## REQUIRED ACTION
Write out the data word for word and omit every picture.
[[ SUPPLIED RECORDS, beginning ]]
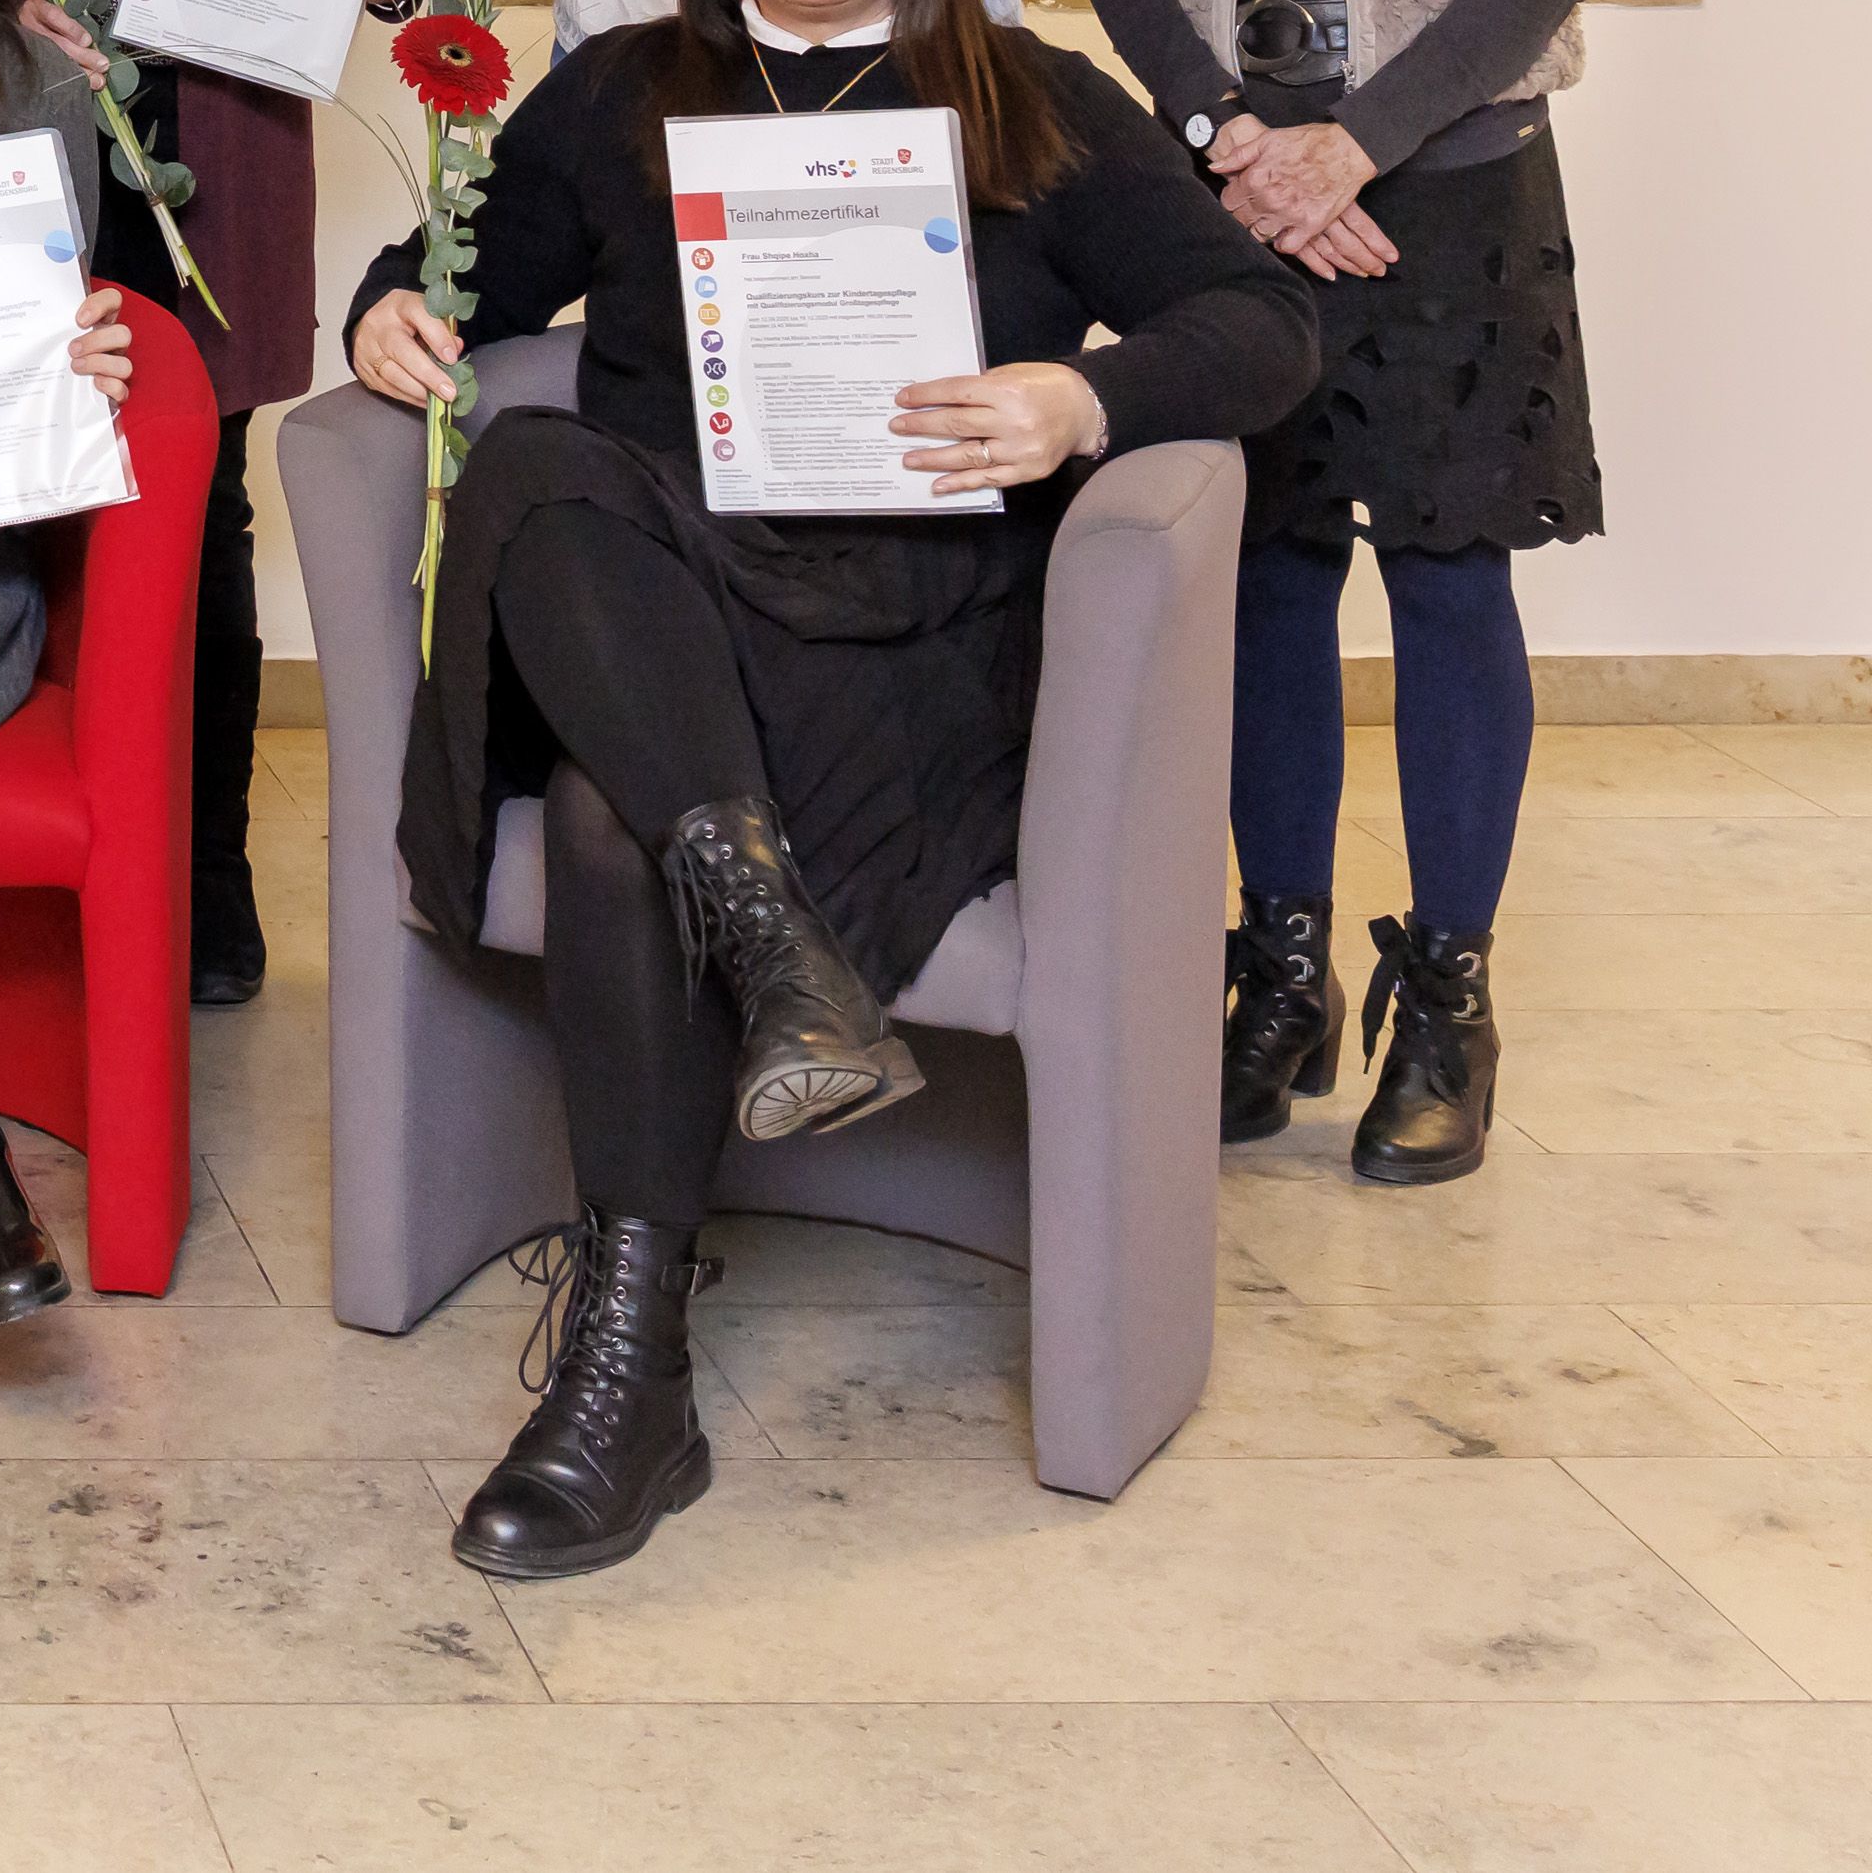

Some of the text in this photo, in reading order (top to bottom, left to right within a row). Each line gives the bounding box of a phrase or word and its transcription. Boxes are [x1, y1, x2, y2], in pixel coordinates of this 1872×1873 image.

[871, 157, 894, 166] STADT
[805, 160, 838, 177] vhs
[871, 166, 924, 175] REGENSBURG
[727, 205, 880, 224] Teilnahmezertifikat
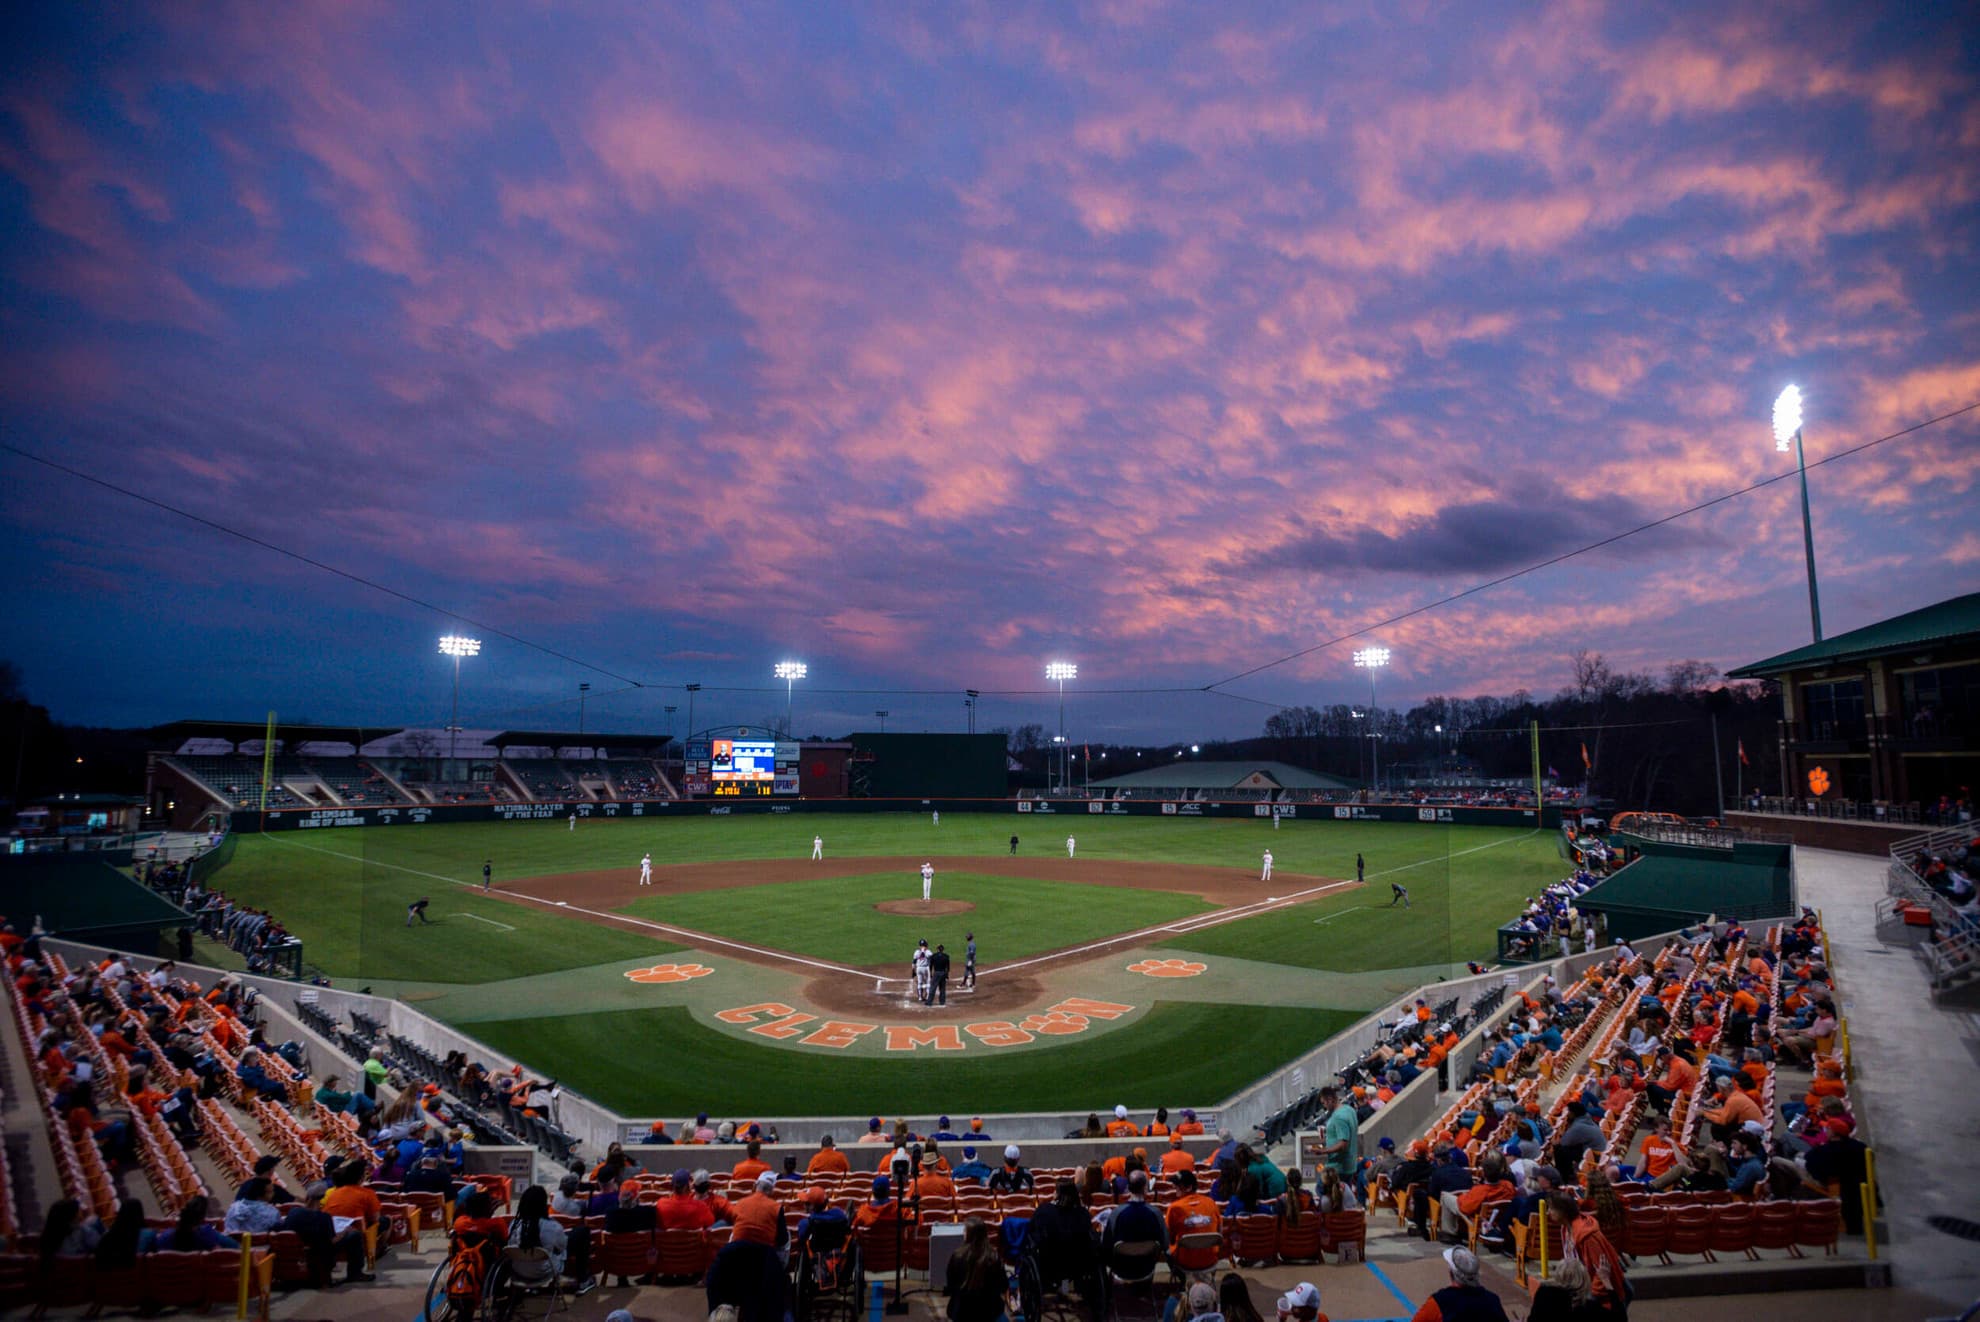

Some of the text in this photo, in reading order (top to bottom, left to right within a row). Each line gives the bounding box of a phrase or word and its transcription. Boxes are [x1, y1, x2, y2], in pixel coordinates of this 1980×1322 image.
[[ SUPPLIED RECORDS, end ]]
## YOUR RESPONSE
Some of the text in this photo, in reading order (top to bottom, left to right within a row). Each line gives the bounding box of a phrase or word and its transcription. Boxes are [x1, y1, x2, y2], in pixel coordinates of this 1872×1873 image.

[871, 157, 894, 166] STADT
[805, 160, 838, 177] vhs
[871, 166, 924, 175] REGENSBURG
[727, 205, 880, 224] Teilnahmezertifikat

Some of the text in this photo, in reading order (top to bottom, left to right within a row). Each line gives the bounding box of a phrase or word and its transcription. Boxes are [x1, y1, x2, y2], in pixel coordinates of this 1980×1322 image.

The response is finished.